* Aim of the task *
Transcribe the listing below exactly, leaving out each image.

* Data in this exercise *
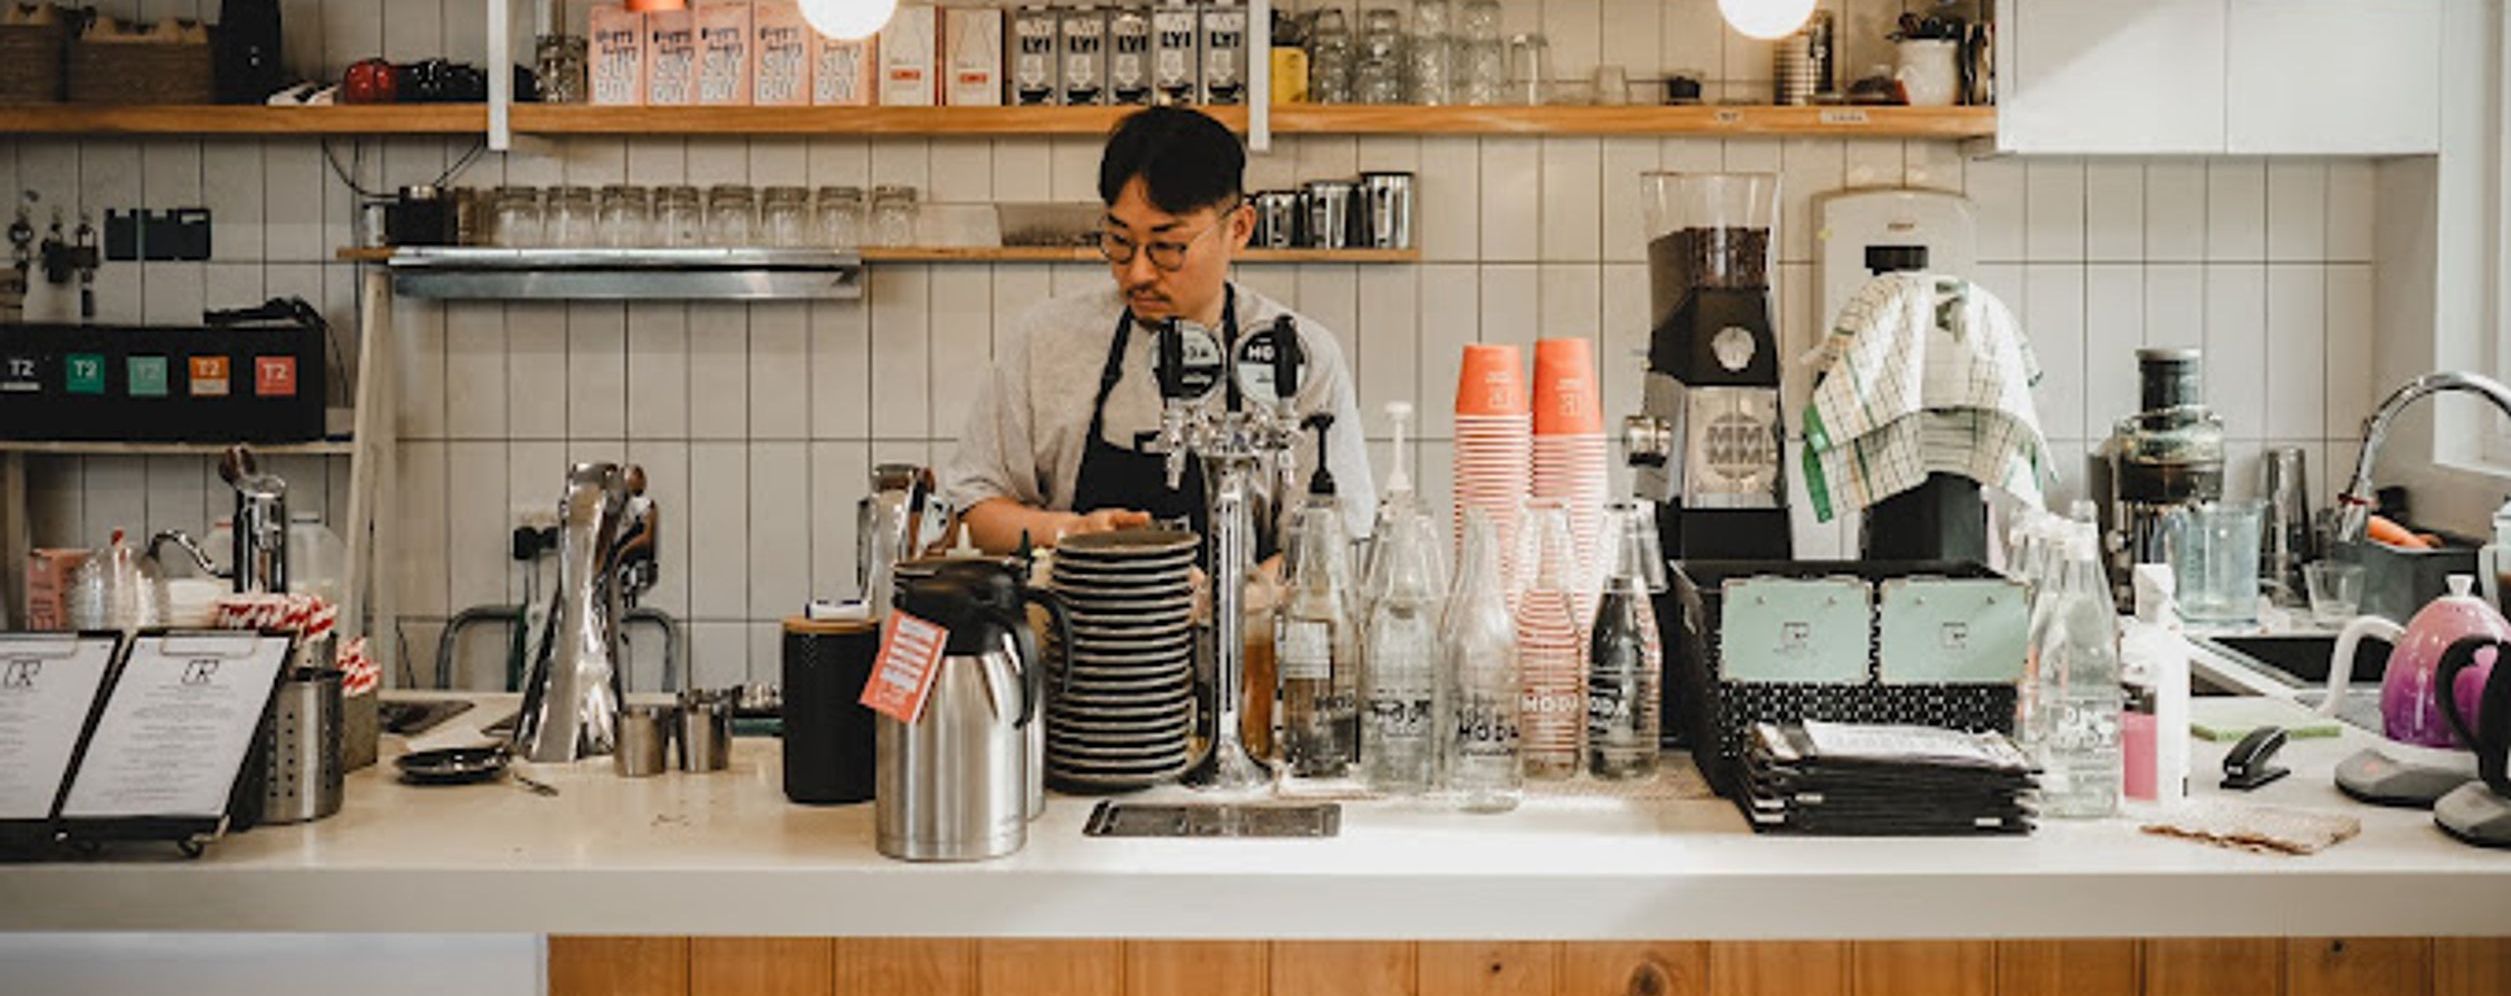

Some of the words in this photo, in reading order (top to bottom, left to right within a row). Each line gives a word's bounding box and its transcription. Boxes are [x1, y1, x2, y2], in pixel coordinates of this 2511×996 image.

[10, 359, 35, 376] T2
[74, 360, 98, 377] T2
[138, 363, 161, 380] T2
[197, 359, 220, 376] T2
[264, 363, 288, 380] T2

* Result for this task *
Some of the words in this photo, in reading order (top to bottom, left to right within a row). Each line gives a word's bounding box and its transcription. Boxes are [x1, y1, x2, y2], in pixel coordinates of this 2511×996 image.

[10, 359, 35, 376] T2
[74, 360, 98, 377] T2
[138, 363, 161, 380] T2
[197, 359, 220, 376] T2
[264, 363, 288, 380] T2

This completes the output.